Orwell's "Shooting an Elephant" is in many ways an indictment of imperialism. Based on his own experiences as an imperial policeman in the British colony of Burma (modern Myanmar) the short story illustrates the ways in which imperialism is fundamentally corrupt. At the beginning of the story we see that the narrator feels despised by the Burmese people. They laugh at him when he is tripped in a football match, and he describes the "sneering yellow faces of young men that met me everywhere" in Moulmein, the town where he was posted. As this line and others demonstrate, the young police officer didn't much like the Burmese people either. One of the "natural by-products of imperialism," the narrator tells us, is this feeling:
With one part of my mind I thought of the British Raj as an unbreakable tyranny, as something clamped down, in saecula saeculorum, upon the will of prostrate peoples; with another part I thought that the greatest joy in the world would be to drive a bayonet into a Buddhist priest's guts.
But it is the story's central event that best demonstrates how Orwell feels about imperialism. When the elephant rampages through the bazaar, it unwittingly tramples a man, killing him. The crowd is eager that he, as a police officer, shoot the elephant, which he does not wish to do, given that it has by that point calmed down and is, after all, a "huge and costly piece of machinery" in Burma. But the crowd expected him to, and he realized at that moment that his role as an agent of empire required him to act in a way that was contrary to his personal sense of right and wrong. They expected him, in short, to act violently, because that was in the final analysis the basis of British rule.

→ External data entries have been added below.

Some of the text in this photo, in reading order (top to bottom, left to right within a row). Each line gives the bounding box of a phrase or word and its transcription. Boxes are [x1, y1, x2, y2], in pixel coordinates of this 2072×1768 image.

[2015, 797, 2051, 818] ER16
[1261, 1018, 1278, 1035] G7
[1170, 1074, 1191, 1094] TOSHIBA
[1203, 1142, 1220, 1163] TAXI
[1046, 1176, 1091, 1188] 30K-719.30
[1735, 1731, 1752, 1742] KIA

So when he pulls the trigger, and kills the elephant, he is playing a role prescribed for him by his situation. The process of killing the elephant itself is long and excruciating, worsening his regret. But what really bothers the narrator is that he killed the beast out of a desire not to be laughed at by the crowd, an overriding preoccupation of the people charged with administering the British Empire at the local and personal level. As the narrator puts it, this incident gave him a "better glimpse than I had had before of the real nature of imperialism – the real motives for which despotic governments act."